The Court set a deadline of April 7, 2011 for Chase to move for summary judgment on Plaintiffs' individual claims as pled in the TAC, but Chase did not file such a motion.

a. Undue Delay

It does appear that Plaintiffs could have stated their claims based on the income comparisons sooner than they did. In the proposed 4AC, Plaintiffs allege that they were aware of the circumstances of their own HELOC suspension before the initial complaint was filed. See 4AC ¶¶ 27, 28 ("Mr. Schulken explained to Chase that the $11,200 figure was inaccurate, that neither he nor his wife had ever provided such an inflated income figure to WaMu, and that if the Schulkens' loan file indicated such an income, then WaMu had intentionally misrepresented their income."). Plaintiffs argue that they could not assert this theory until they had additional detail regarding the HELOC contracts of potential class members, which they did not obtain until "starting in February 2011." However, Plaintiffs submitted their first four complaints without the benefit of this discovery. It is not clear why the TILA and breach of contract claims asserted in the TAC could be pled without discovery of class members' contracts while the income comparison claims could not. In addition, while Plaintiffs complain that Chase failed to produce discovery of putative class members' contracts and its policies until starting early in 2011, it appears that Plaintiffs could have been more diligent in asserting their rights to discovery. For example, the Court granted-in-part and denied-in-part Chase's third motion to dismiss in October, 2010. It is not clear why Plaintiffs waited until a CMC in February 2011 to raise deficiencies in Chase's production with the Court.

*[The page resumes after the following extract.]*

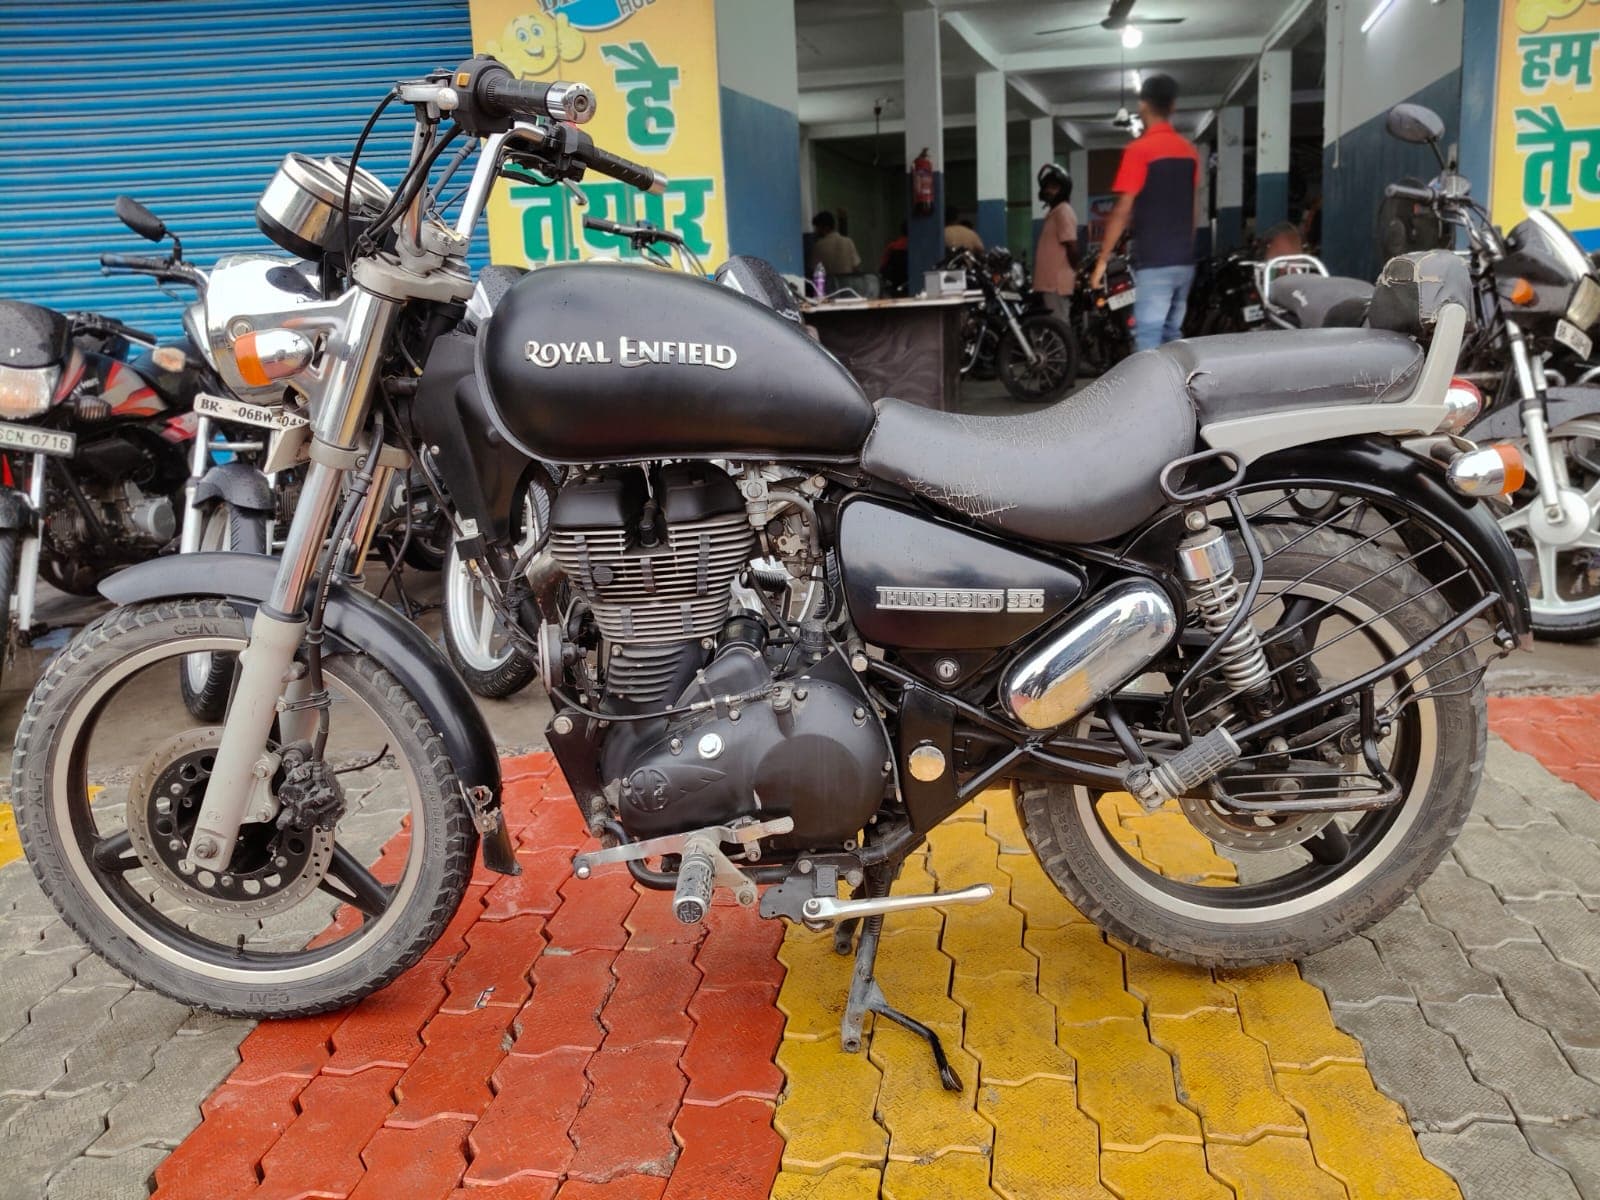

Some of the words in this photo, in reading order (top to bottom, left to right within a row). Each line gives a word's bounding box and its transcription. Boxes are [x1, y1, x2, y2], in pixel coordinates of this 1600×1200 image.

Even accepting Plaintiffs' argument that they could not, in good faith, allege that Chase applied its policy of income comparison to the entire class until discovery of this policy, it still appears that Plaintiffs could have moved to amend their complaint before filing their motion for class certification. Chase points out that by April 8, 2011, Plaintiffs' expert had articulated and opined on the income comparison theory. Surely if Plaintiffs' expert could express his opinion of the theory by that time, Plaintiffs had a good faith basis to plead claims based on the theory. Had Plaintiffs moved to amend their complaint before submitting their motion for class certification, these issues could have been resolved before the deadline for filing a class certification motion.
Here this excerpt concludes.